Work task:
Give the listing again word for word. Leave every image out.

========================================================================

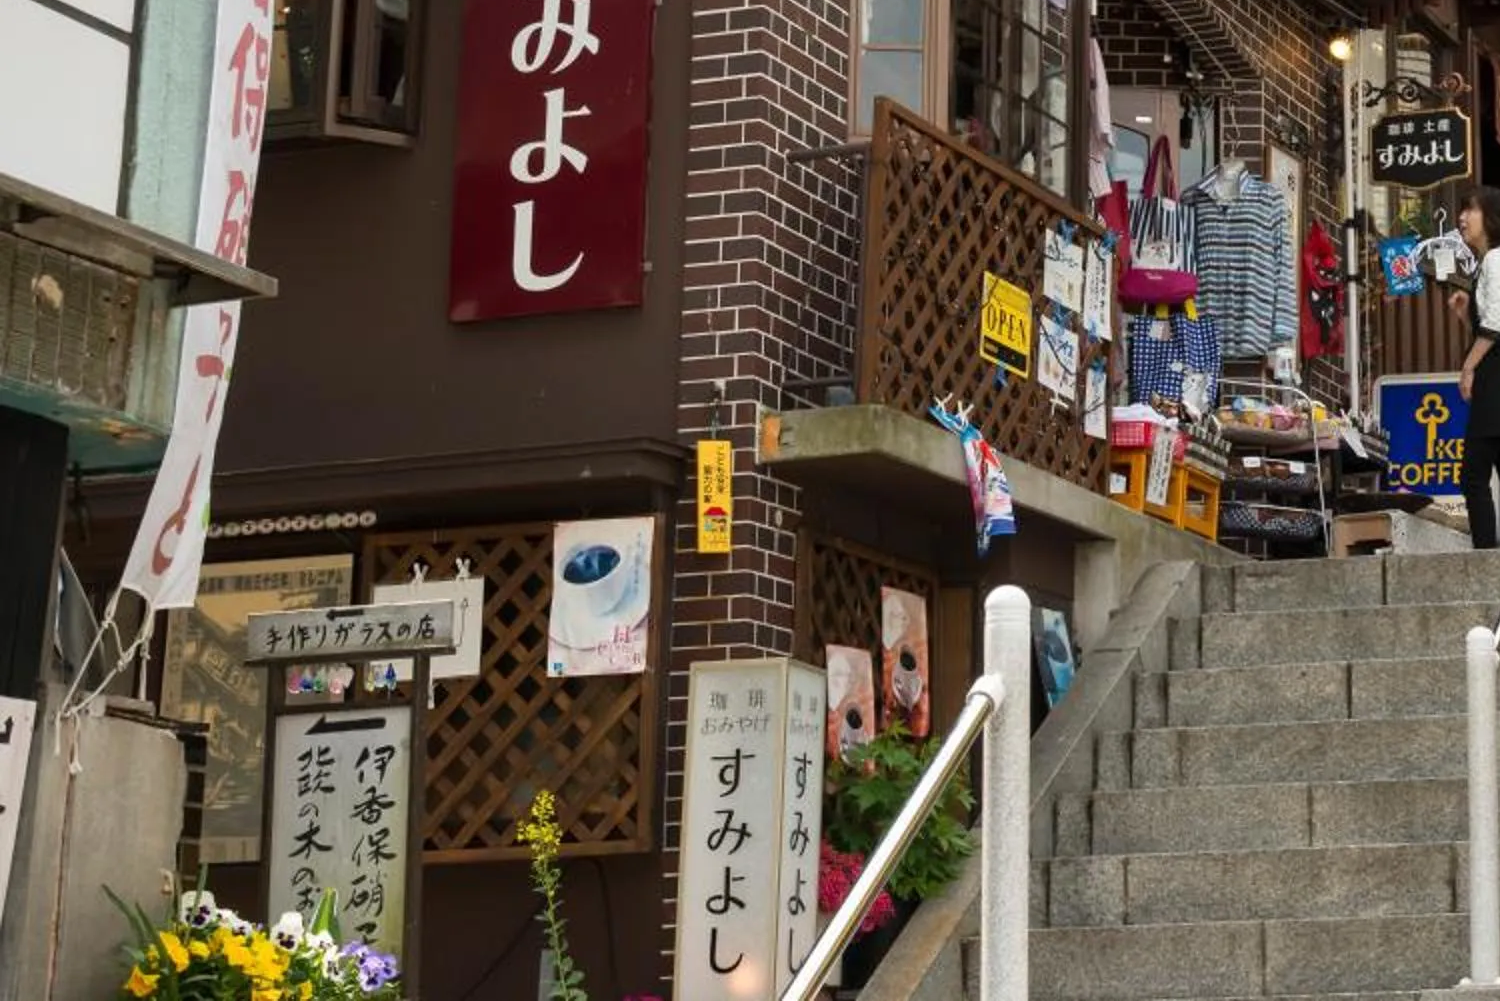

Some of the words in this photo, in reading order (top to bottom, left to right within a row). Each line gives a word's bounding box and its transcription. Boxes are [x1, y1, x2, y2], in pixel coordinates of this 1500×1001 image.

[1375, 139, 1465, 170] すみよし
[986, 303, 1027, 348] OPEN
[1388, 462, 1464, 486] COFFE
[265, 613, 437, 654] 手作りガラスの店
[700, 714, 771, 736] おみやげ
[705, 748, 757, 975] すみよし
[787, 752, 813, 976] すみよし
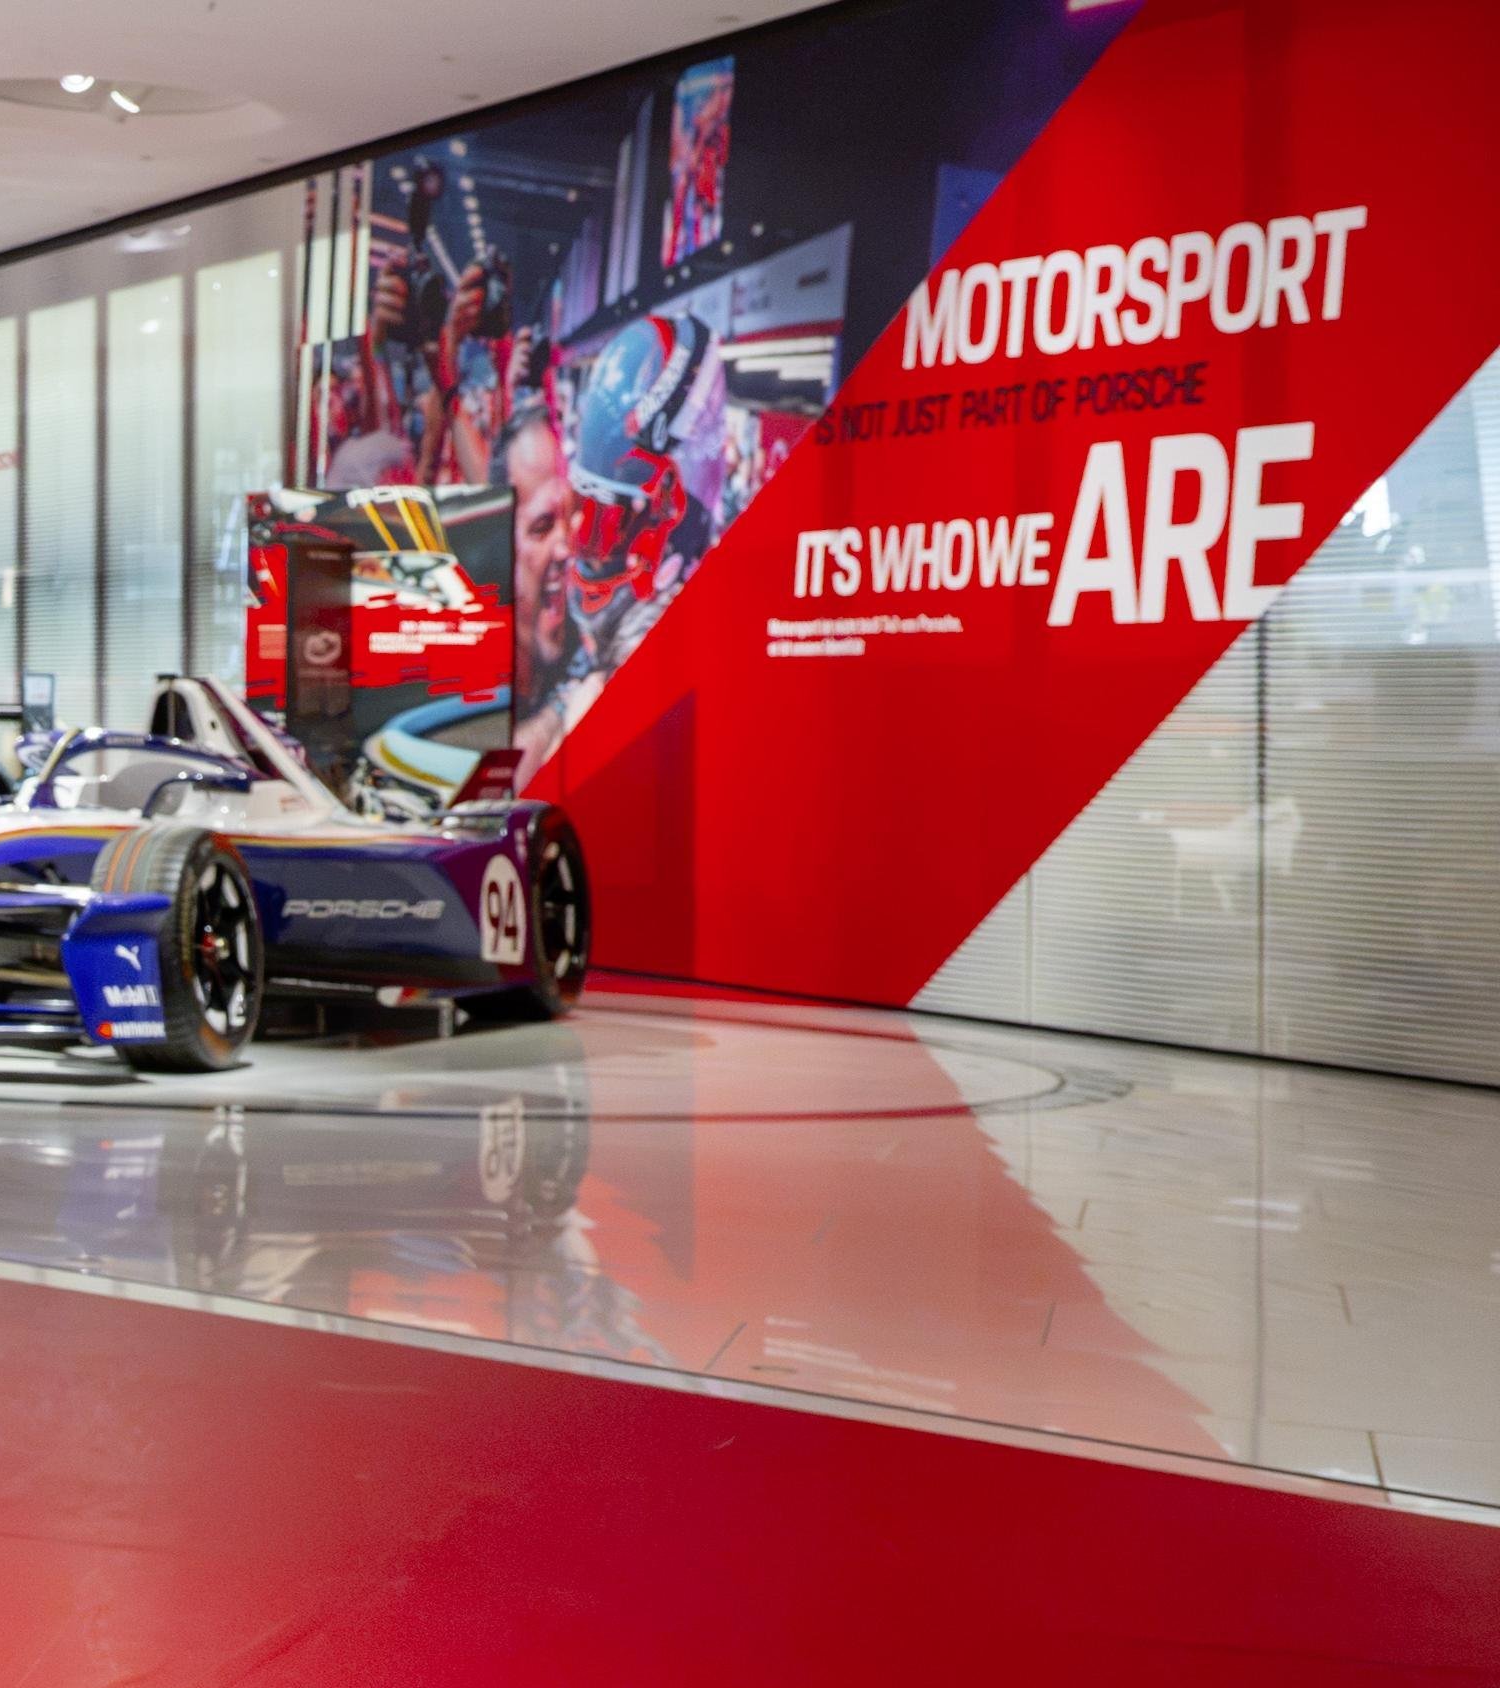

========================================================================

Expected answer:
Some of the words in this photo, in reading order (top to bottom, left to right within a row). Each line gives a word's bounding box and its transcription. Boxes are [x1, y1, x2, y2], in pixel coordinates of this 1500×1001 image.

[1375, 139, 1465, 170] すみよし
[986, 303, 1027, 348] OPEN
[1388, 462, 1464, 486] COFFE
[265, 613, 437, 654] 手作りガラスの店
[700, 714, 771, 736] おみやげ
[705, 748, 757, 975] すみよし
[787, 752, 813, 976] すみよし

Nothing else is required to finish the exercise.